Did I find joy in the waiting line? Well, I don't remember being joyful at the time. And I don't remember making a conscious decision to avoid being unjoyful. But I remember thinking that there was a line and we had to get it done and the line was moving mostly at a steady pace. I didn't need to be anywhere else at a particular time. And things were good.

Every employee we encountered was very nice and helpful. Even if they didn't seem to be in much of a hurry...but that is just my assessment I'm sure.

As I look back on it, it does seem a little enjoyable in retrospect. We found the location without much trouble. It quit raining when we went in and out - so we didn't get wet. My license is renewed for another 7 years (and the next time I think I can renew online). What could have been stressful and frustrating wasn't. I think that rates as joy.

Today's Joy: Getting something done without frustration and stress

Wednesday, January 16, 2019

Stripes and Dots

A while ago - it seems like a long time now - I wore ties almost every day. Because of that, I collected a variety of them. I had ties with handprints and children's designs. I had ties for holidays and with beach scenes. I had more formal ties for those occasions but most of my ties were a little whimsical or silly. If you need to wear a tie, might as well have fun with it.

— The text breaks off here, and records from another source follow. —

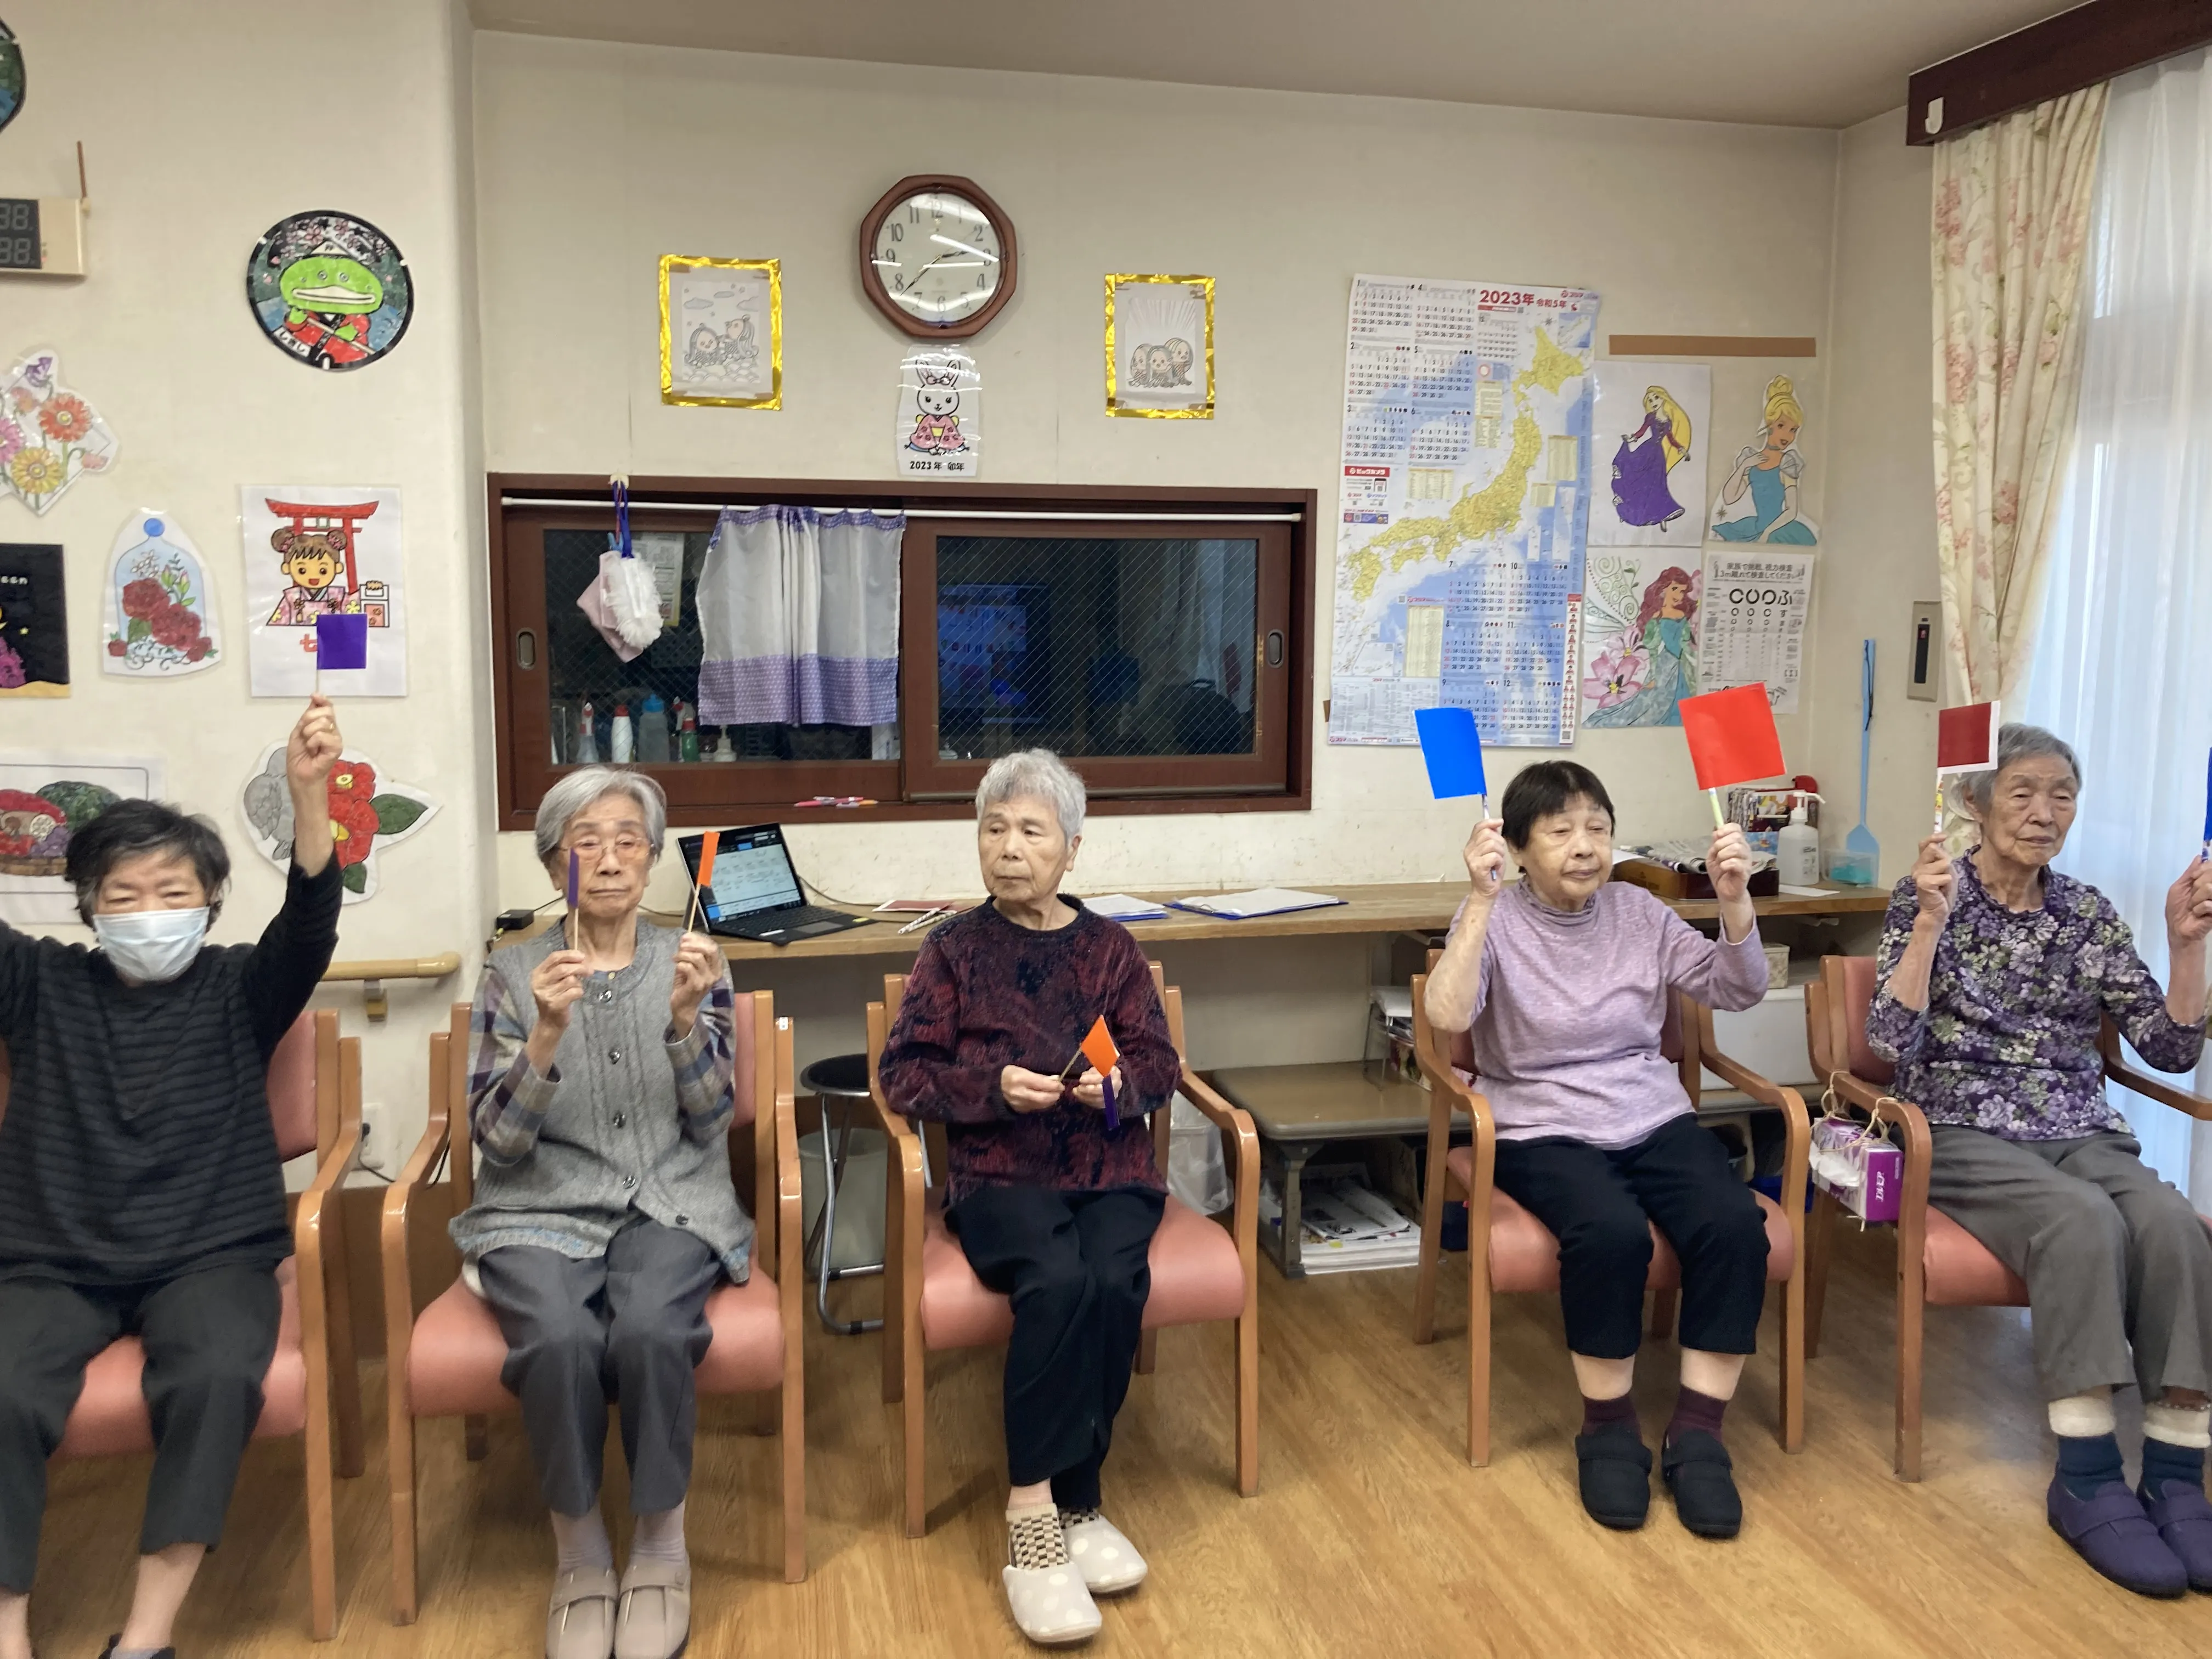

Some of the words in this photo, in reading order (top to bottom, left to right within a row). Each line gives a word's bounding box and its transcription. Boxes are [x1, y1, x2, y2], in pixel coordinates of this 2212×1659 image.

[910, 206, 919, 224] 11
[958, 206, 962, 224] 1
[890, 223, 904, 242] 10
[974, 225, 984, 242] 2
[885, 248, 895, 263] 9
[983, 248, 992, 267] 3
[895, 273, 904, 291] 8
[976, 273, 985, 291] 4
[914, 291, 922, 309] 7
[937, 296, 946, 312] 6
[960, 291, 969, 309] 5
[1480, 289, 1535, 306] 2023年
[1536, 298, 1567, 308] 令和5年
[910, 461, 943, 470] 2023年
[1777, 590, 1792, 605] ふ

Now I rarely wear a tie. And when I do, it usually needs to be a more serious formal tie for a more serious formal situation.

So, a few months ago I decided I needed some more fun and whimsy again. I told Cindy I wanted to get some crazy socks. That way, no matter what I was doing or where I was going, I could have a little fun with me (even if no one else ever saw it). So she bought me a few socks with stripes and dots and triangles and primary colored squares.

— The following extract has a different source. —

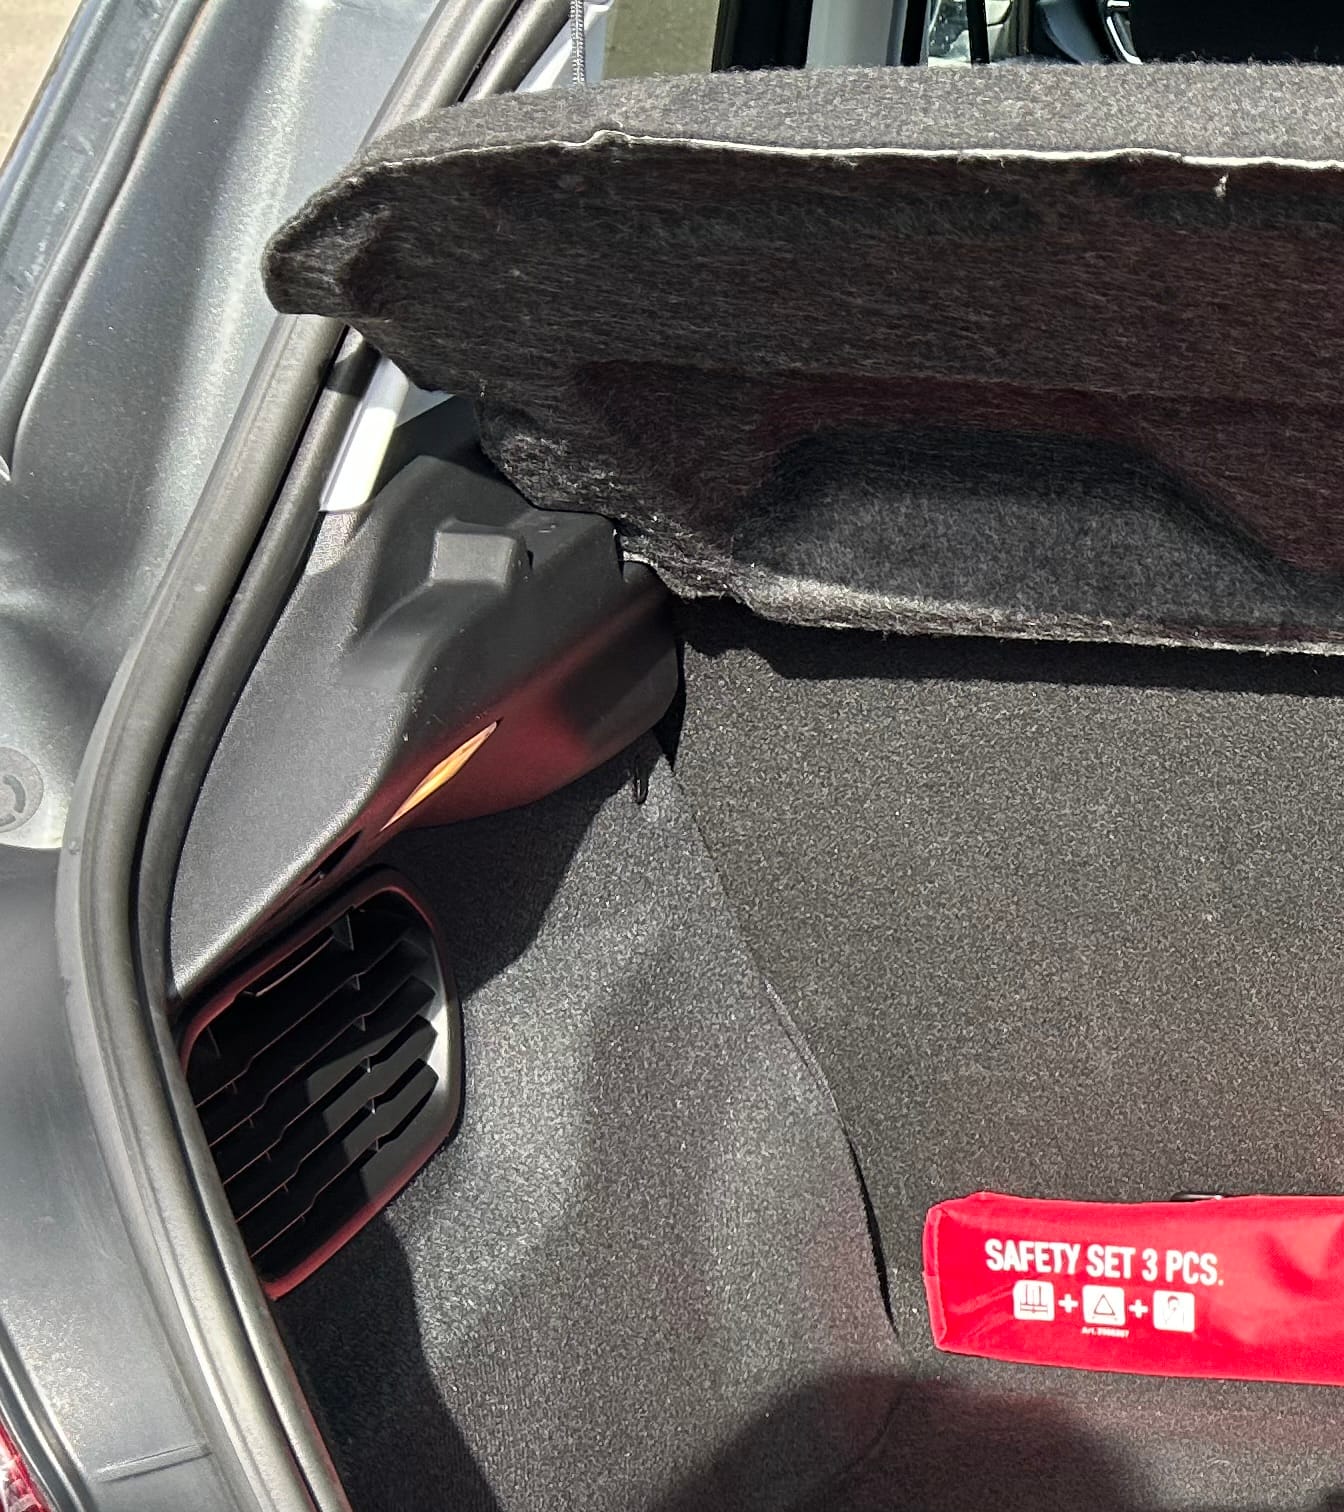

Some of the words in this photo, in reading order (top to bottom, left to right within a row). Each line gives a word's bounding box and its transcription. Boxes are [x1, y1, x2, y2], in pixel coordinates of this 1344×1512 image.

[984, 1238, 1081, 1275] SAFETY
[1086, 1243, 1136, 1279] SET
[1141, 1248, 1158, 1282] 3
[1165, 1249, 1224, 1287] PCS.

Today I slid on my striped socks and just knew it was going to be a fun day. I thought about the striped socks as I moved with 2s and sang with 4s. I showed no one my socks (sometimes the kids ask to see them) but I still got joy just from wearing them. I have a good collection now - and all of them have come from Cindy. (That adds to the joy, too.)

Who knew that socks with stripes or dots could give you such a spring to your step?

Today's Joy: Crazy socks that no one may ever see

Tuesday, January 15, 2019

Driving Mrs Cindy

Cindy had to go into the office today. She made a comment that I don't trust her to drive so I drive her everywhere now. Well, I do trust her. It's all those other drivers on the road that I don't trust!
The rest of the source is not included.